Novel Peptides Activate GRP78 Heat Shock Protein Receptor as a New Target for Angiogenesis

Background: Impaired angiogenesis is one of the features of ischemic diseases. For the last decade the most established target for therapeutic angiogenesis has been VEGF and its receptors. However clinical trials to alleviate ischemia have been disappointing indicating the need for new molecules and molecular targets. We have identified a heat shock protein GRP78 on endothelial cell membranes as a novel target for angiogenesis that is independent of VEGF. We have demonstrated that binding to this target by a synthetic 12 amino acid peptide RoY induced therapeutic angiogenesis. A single local administration of the peptide significantly restored blood perfusion in mice post femoral artery excision. Recently, we have also demonstrated that intravenous administration of the peptide to mice with acute myocardial infarction resulted in increased capillary density in the ischemic tissue. Our aim was to study membrane GRP78 as a new target for angiogenesis and to identify its natural ligand.

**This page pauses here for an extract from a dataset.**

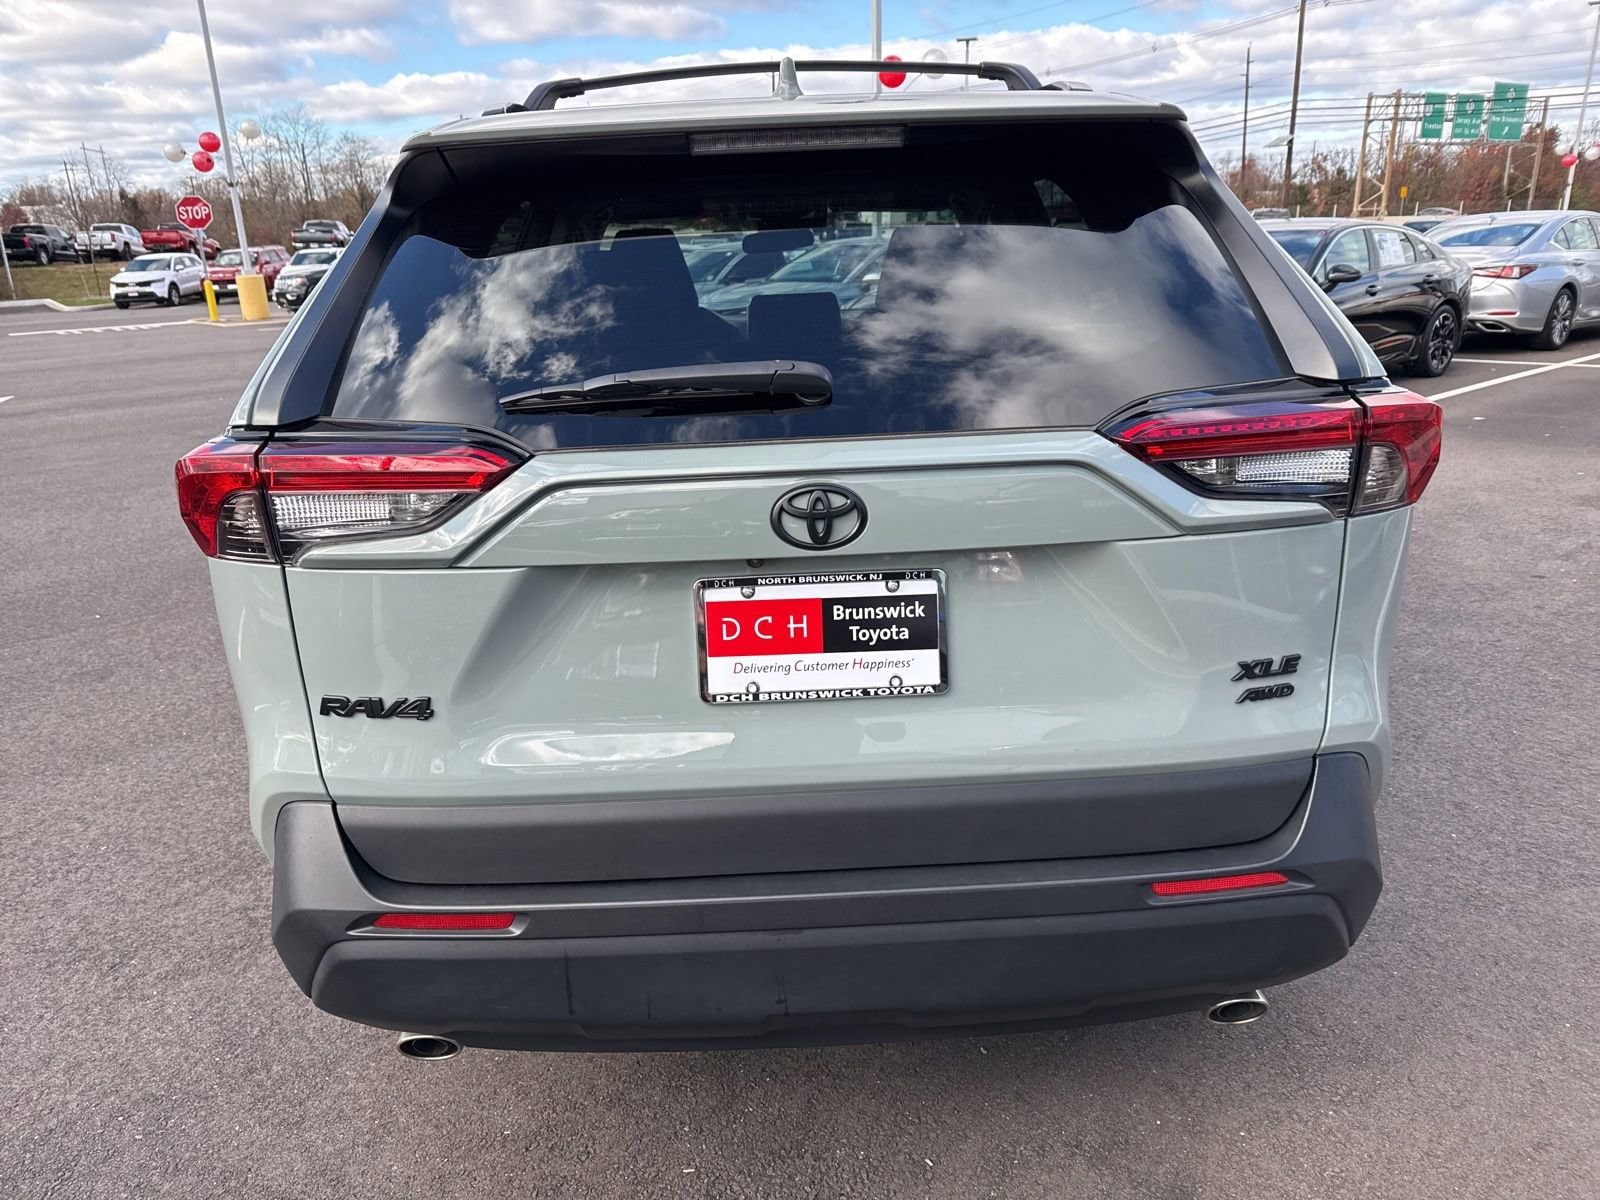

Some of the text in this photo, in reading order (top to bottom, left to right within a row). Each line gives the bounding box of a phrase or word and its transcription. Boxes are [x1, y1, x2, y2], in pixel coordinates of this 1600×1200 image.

Results: FACS analysis of endothelial cell cultures demonstrated that membrane GRP78 is increased under hypoxic conditions. In order to identify a natural ligand to GRP78, we used protein data base search. ADAM15, a disintegrin and metalloprotease glycoprotein was found to contain four out of twelve identical amino acids to the synthetic RoY peptide. We have therefore synthesized three peptides from the metalloprotease domain and studied endothelial cell binding, proliferation, migration and tube formation under hypoxia in the presence of these peptides. One of the peptides, termed ADoPep1, exhibited a significant angiogenic activity invitro and restored blood perfusion in a mouse hind limb ischemia model. Histological examinations showed an increase in capillary density, a decrease in GRP78 positive cells and apoptotic cells one week post treatment of ischemic leg with ADoPep1. We demonstrated that ADoPep1 inhibited endothelial cell hypoxia-induced apoptosis but not CoCl₂ induced apoptosis. We therefore suggest a possible mechanism of angiogenesis by inhibition of hypoxia-induced apoptosis is manifested through GRP78 receptor induced by ADAM15 derived peptide.

Conclusions: The peptide derived from ADAM15 induces angiogenesis by the activation of membrane GRP78 under hypoxia which may lead to the development of novel therapeutics for ischemic diseases. This study contributes to the search for new molecules that activates a new target for therapeutic angiogenesis in ischemic diseases.